Privileged and Non-Privileged Instructions in Operating System


It is highly likely that a novice programmer will occasionally execute sensitive code, which could cause the operating system to malfunction and fail. Therefore, we must be able to distinguish between operating system code execution and user system code execution in order to guarantee the operating system's proper operation. The operating system has Dual mode for this purpose. Let's take a quick look at dual-mode in OS before proceeding to the privileged and non-privileged instructions.

Dual Mode in OS

Dual mode is a concept in operating systems that involves the use of two distinct modes of operation or privilege levels: user mode and kernel mode.

  1. User mode is a mode of operation where the operating system restricts the access of running programs to system resources such as memory, processor, and I/O devices. In user mode, programs can only access resources in a controlled and limited way. This is done to prevent user programs from accidentally or intentionally damaging the system or other running programs. User mode is also known as unprivileged mode.
  2. Kernel mode, on the other hand, is a mode of operation where the operating system has full control and unrestricted access to system resources. This mode is used to execute privileged instructions and to manage system resources, such as memory allocation and I/O operations. Kernel mode is also known as privileged mode.

The dual-mode concept is used to ensure the safety and security of the operating system and the programs running on it. By running in user mode, programs are prevented from interfering with the operating system or other running programs, and by running in kernel mode, the operating system can manage system resources and perform privileged operations. When a program needs to perform a privileged operation or access a system resource that is restricted in user mode, it must request the operating system to switch to kernel mode temporarily to execute the operation. This is done through a system call, which is a mechanism provided by the operating system to allow user programs to request privileged services.

Life Cycle of Instruction

The life cycle of an instruction in an operating system can be broken down into four main stages: fetch, decode, execute, and store. These stages are performed in both user mode and kernel mode, depending on the type of instruction being executed.

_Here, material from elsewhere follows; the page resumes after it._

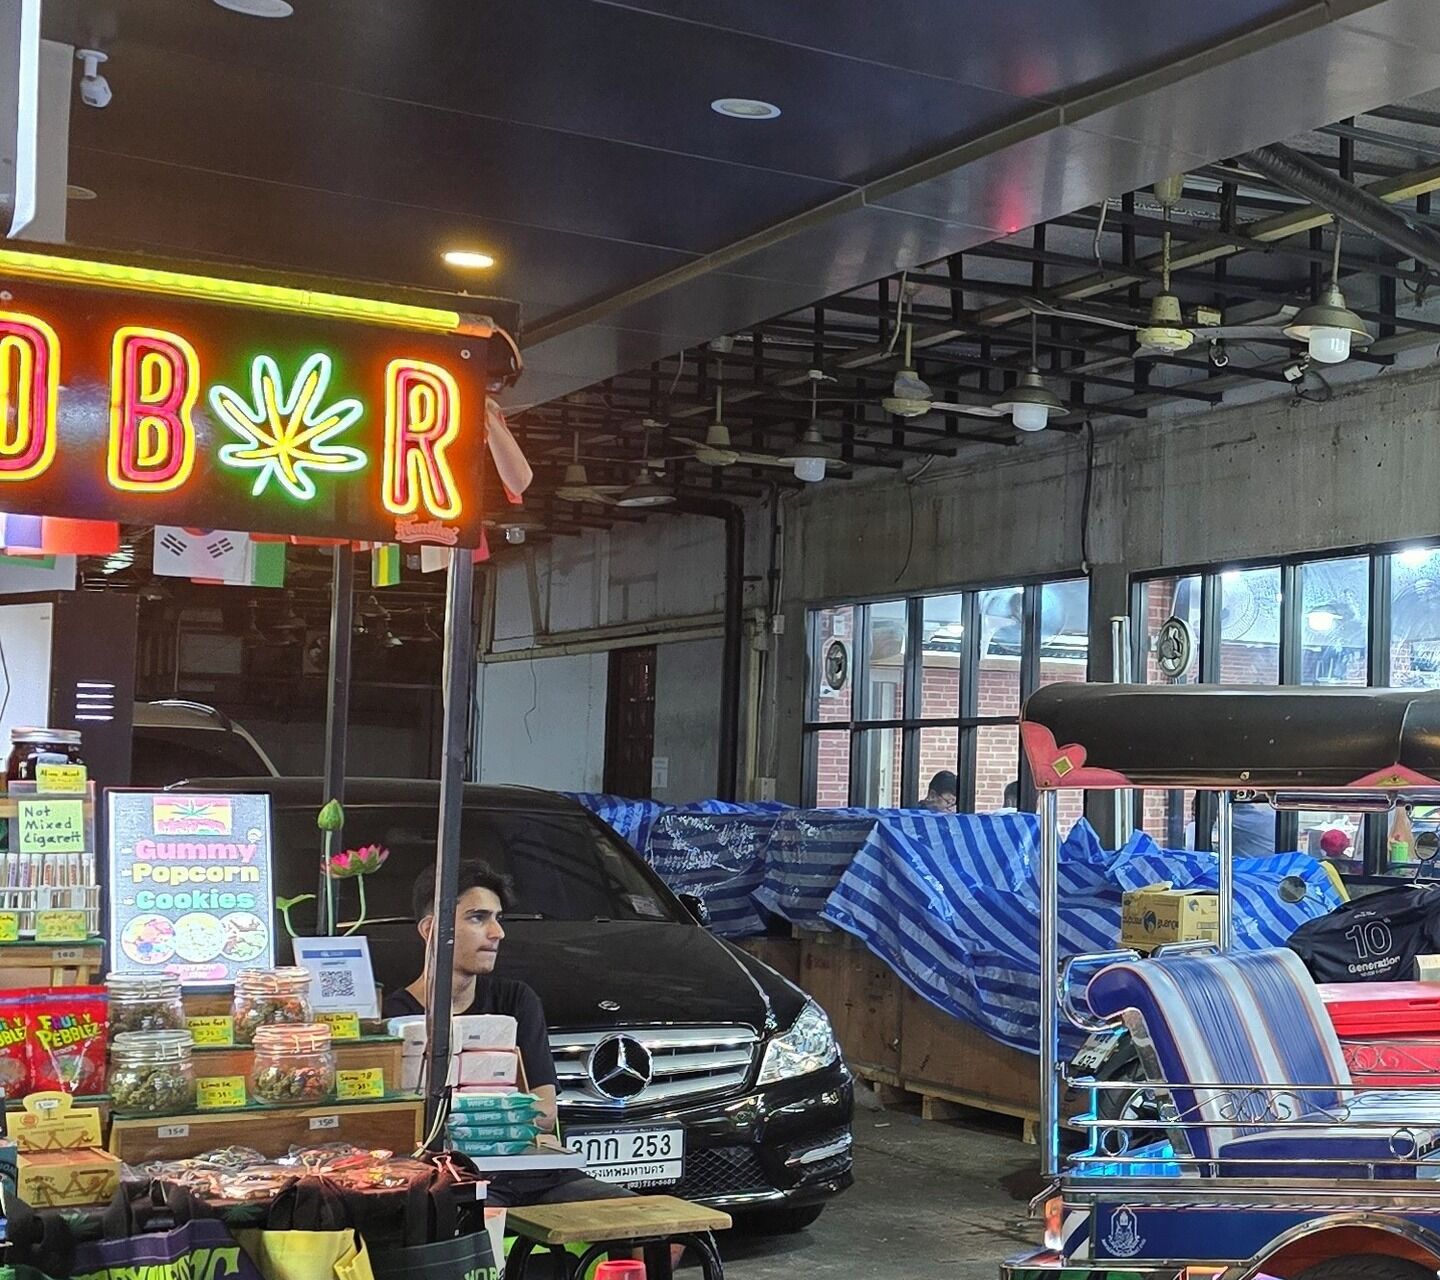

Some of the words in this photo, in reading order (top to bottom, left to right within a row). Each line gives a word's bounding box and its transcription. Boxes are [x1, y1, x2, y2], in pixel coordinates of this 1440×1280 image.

  1. Fetch: The first stage is fetching the instruction from memory. The processor reads the instruction from memory and stores it in a special register called the instruction register (IR). The location of the instruction is determined by the program counter (PC), which holds the memory address of the next instruction to be executed.
  2. Decode: In this stage, the processor decodes the instruction in the IR to determine what operation needs to be performed. This involves interpreting the opcode and any operands that are included in the instruction.
  3. Execute: The execute stage is where the operation specified by the instruction is performed. This can involve performing arithmetic or logical operations on data stored in memory or registers, or it can involve accessing I/O devices or interacting with the operating system through system calls.
  4. Store: The final stage is storing the result of the operation back to memory or registers. This allows subsequent instructions to access the result of the operation.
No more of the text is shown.